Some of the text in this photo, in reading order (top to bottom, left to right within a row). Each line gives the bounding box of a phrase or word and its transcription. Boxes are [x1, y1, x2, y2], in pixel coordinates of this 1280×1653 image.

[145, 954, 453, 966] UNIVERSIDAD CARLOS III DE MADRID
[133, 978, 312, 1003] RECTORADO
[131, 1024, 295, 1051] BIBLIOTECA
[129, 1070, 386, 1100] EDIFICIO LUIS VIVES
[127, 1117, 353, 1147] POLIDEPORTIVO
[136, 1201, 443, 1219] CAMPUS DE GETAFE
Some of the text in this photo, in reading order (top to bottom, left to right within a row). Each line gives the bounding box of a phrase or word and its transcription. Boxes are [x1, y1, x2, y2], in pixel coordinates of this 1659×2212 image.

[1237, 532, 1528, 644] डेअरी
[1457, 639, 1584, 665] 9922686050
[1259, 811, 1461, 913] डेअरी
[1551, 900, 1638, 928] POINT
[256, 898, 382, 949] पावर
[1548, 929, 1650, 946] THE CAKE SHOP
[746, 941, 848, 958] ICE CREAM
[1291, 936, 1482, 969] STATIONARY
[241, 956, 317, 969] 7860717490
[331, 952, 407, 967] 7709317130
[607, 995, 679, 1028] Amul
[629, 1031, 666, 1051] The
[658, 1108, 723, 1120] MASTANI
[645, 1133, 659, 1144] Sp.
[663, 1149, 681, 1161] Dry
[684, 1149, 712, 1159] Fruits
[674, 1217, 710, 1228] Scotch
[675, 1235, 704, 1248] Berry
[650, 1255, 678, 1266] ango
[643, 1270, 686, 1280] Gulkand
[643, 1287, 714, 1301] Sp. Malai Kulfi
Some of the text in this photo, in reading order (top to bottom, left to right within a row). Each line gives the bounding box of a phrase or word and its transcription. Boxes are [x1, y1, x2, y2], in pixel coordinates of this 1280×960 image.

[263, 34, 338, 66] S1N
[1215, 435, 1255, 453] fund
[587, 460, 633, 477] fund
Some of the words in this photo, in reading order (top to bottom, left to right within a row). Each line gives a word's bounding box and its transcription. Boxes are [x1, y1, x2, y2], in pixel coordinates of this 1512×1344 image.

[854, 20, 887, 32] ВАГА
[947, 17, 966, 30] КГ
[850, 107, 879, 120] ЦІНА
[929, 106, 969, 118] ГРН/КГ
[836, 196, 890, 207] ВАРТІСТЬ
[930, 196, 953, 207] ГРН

• • • • •

YOUR INSTRUCTIONS: Could you return all the data above exactly as it appears?

RESULT BELOW:
Some of the text in this photo, in reading order (top to bottom, left to right within a row). Each line gives the bounding box of a phrase or word and its transcription. Boxes are [x1, y1, x2, y2], in pixel coordinates of this 1280×1653 image.

[145, 954, 453, 966] UNIVERSIDAD CARLOS III DE MADRID
[133, 978, 312, 1003] RECTORADO
[131, 1024, 295, 1051] BIBLIOTECA
[129, 1070, 386, 1100] EDIFICIO LUIS VIVES
[127, 1117, 353, 1147] POLIDEPORTIVO
[136, 1201, 443, 1219] CAMPUS DE GETAFE
Some of the text in this photo, in reading order (top to bottom, left to right within a row). Each line gives the bounding box of a phrase or word and its transcription. Boxes are [x1, y1, x2, y2], in pixel coordinates of this 1659×2212 image.

[1237, 532, 1528, 644] डेअरी
[1457, 639, 1584, 665] 9922686050
[1259, 811, 1461, 913] डेअरी
[1551, 900, 1638, 928] POINT
[256, 898, 382, 949] पावर
[1548, 929, 1650, 946] THE CAKE SHOP
[746, 941, 848, 958] ICE CREAM
[1291, 936, 1482, 969] STATIONARY
[241, 956, 317, 969] 7860717490
[331, 952, 407, 967] 7709317130
[607, 995, 679, 1028] Amul
[629, 1031, 666, 1051] The
[658, 1108, 723, 1120] MASTANI
[645, 1133, 659, 1144] Sp.
[663, 1149, 681, 1161] Dry
[684, 1149, 712, 1159] Fruits
[674, 1217, 710, 1228] Scotch
[675, 1235, 704, 1248] Berry
[650, 1255, 678, 1266] ango
[643, 1270, 686, 1280] Gulkand
[643, 1287, 714, 1301] Sp. Malai Kulfi
Some of the text in this photo, in reading order (top to bottom, left to right within a row). Each line gives the bounding box of a phrase or word and its transcription. Boxes are [x1, y1, x2, y2], in pixel coordinates of this 1280×960 image.

[263, 34, 338, 66] S1N
[1215, 435, 1255, 453] fund
[587, 460, 633, 477] fund
Some of the words in this photo, in reading order (top to bottom, left to right within a row). Each line gives a word's bounding box and its transcription. Boxes are [x1, y1, x2, y2], in pixel coordinates of this 1512×1344 image.

[854, 20, 887, 32] ВАГА
[947, 17, 966, 30] КГ
[850, 107, 879, 120] ЦІНА
[929, 106, 969, 118] ГРН/КГ
[836, 196, 890, 207] ВАРТІСТЬ
[930, 196, 953, 207] ГРН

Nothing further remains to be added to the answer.